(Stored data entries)
════

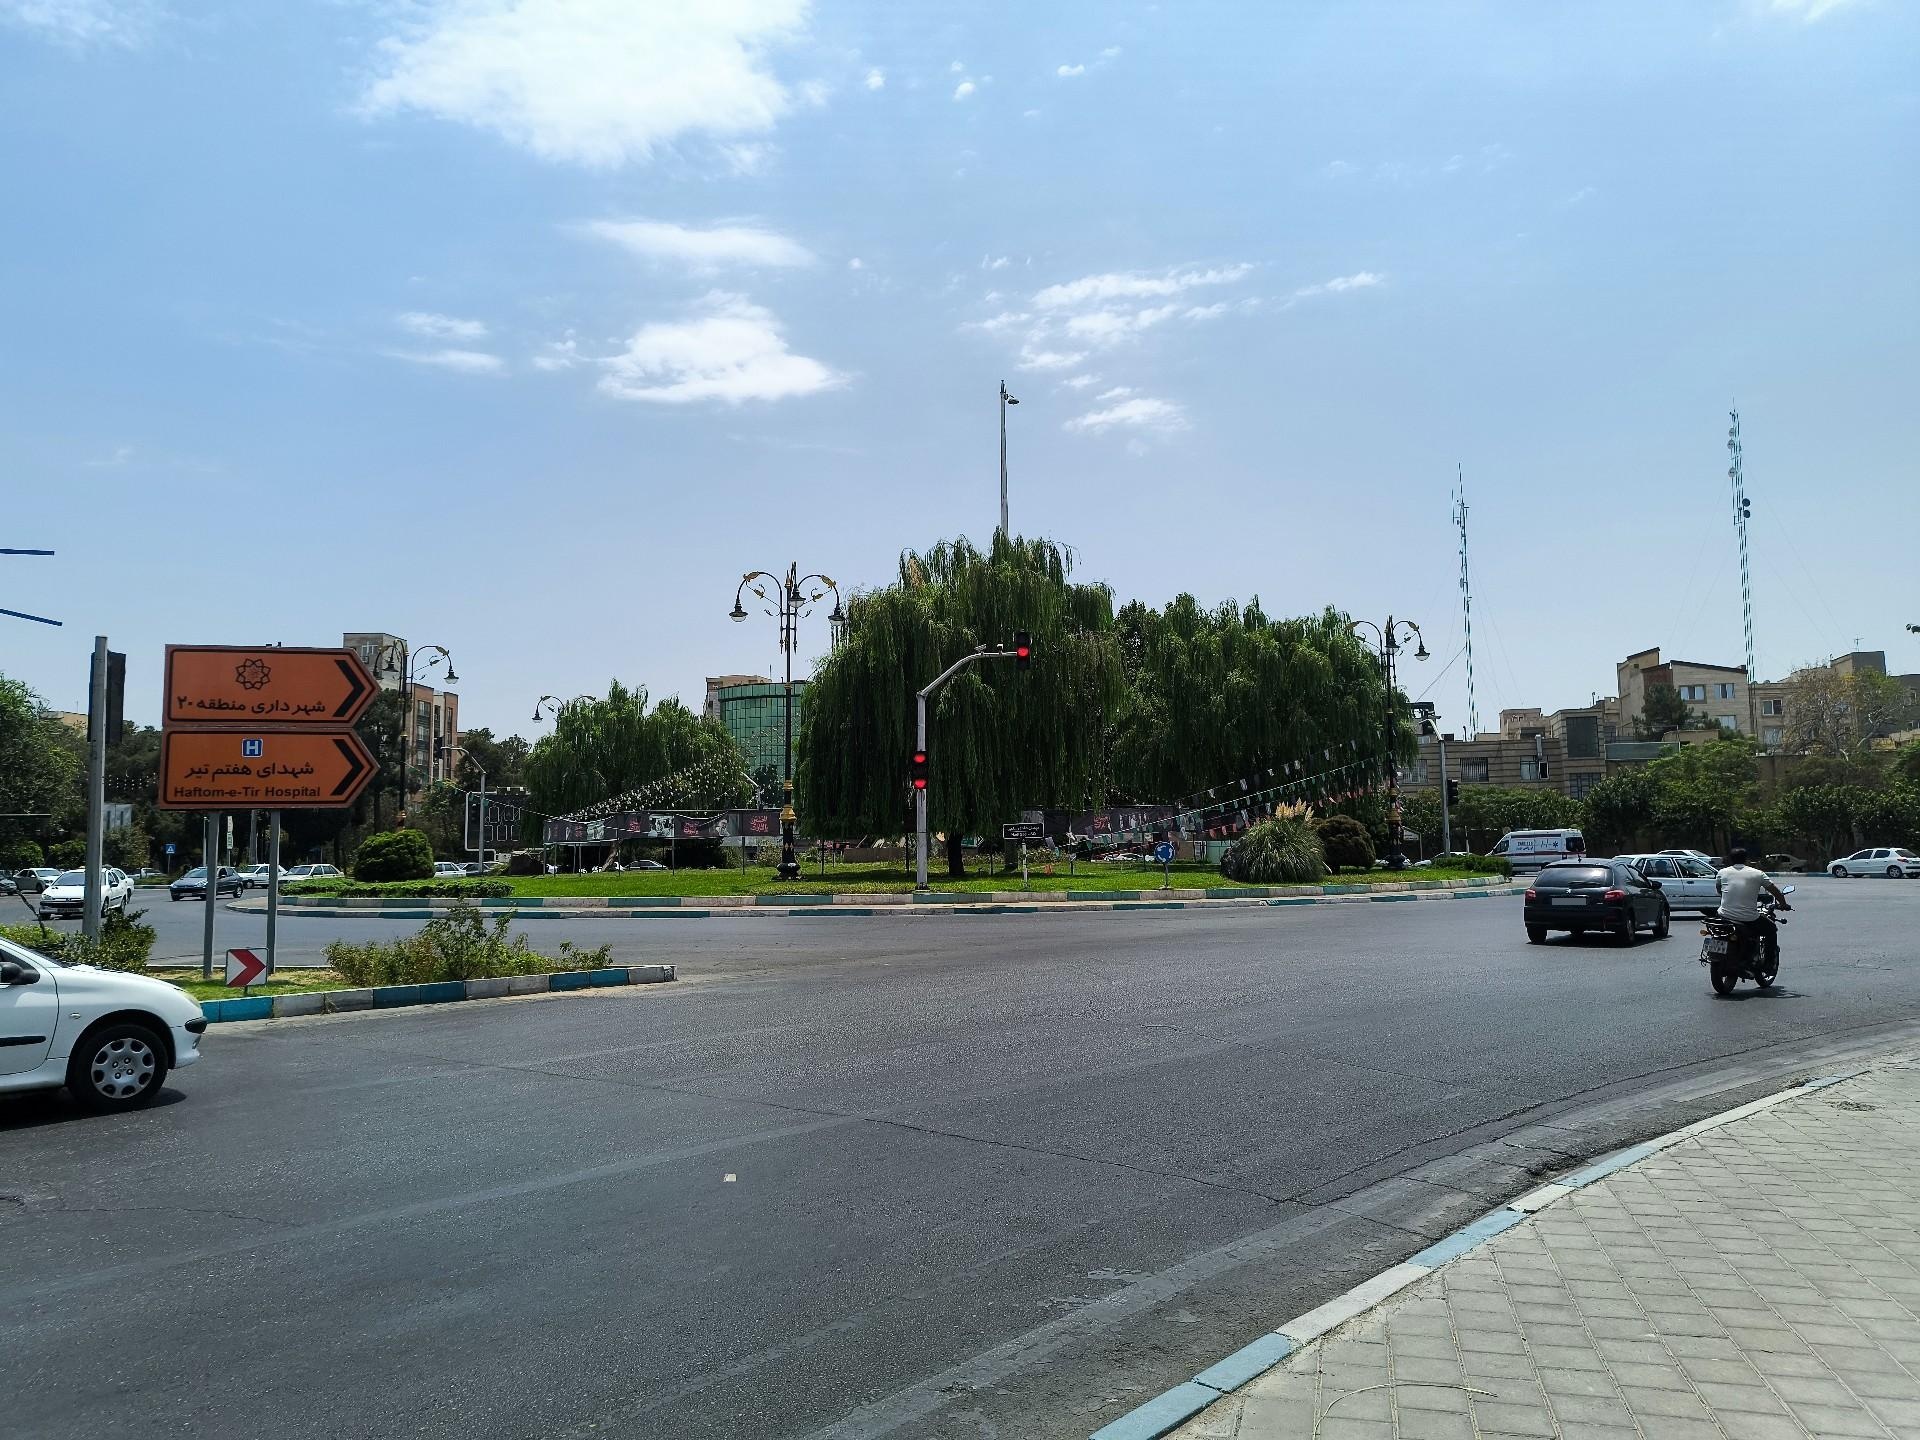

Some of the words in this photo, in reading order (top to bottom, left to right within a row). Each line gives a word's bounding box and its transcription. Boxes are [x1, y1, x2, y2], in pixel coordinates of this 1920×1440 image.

[176, 695, 193, 709] ۲۰
[196, 697, 246, 711] منطقه
[245, 740, 259, 755] H
[183, 763, 209, 779] تیر
[211, 763, 252, 782] هفتم
[256, 761, 315, 778] شهدای
[174, 786, 261, 797] Haftom-e-Tir
[264, 786, 321, 799] Hospital

════

== Work required ==
When you copy the data, keep every line exact and leave out each picture.

== Solution to this task ==
Some of the words in this photo, in reading order (top to bottom, left to right within a row). Each line gives a word's bounding box and its transcription. Boxes are [x1, y1, x2, y2], in pixel coordinates of this 1920×1440 image.

[176, 695, 193, 709] ۲۰
[196, 697, 246, 711] منطقه
[245, 740, 259, 755] H
[183, 763, 209, 779] تیر
[211, 763, 252, 782] هفتم
[256, 761, 315, 778] شهدای
[174, 786, 261, 797] Haftom-e-Tir
[264, 786, 321, 799] Hospital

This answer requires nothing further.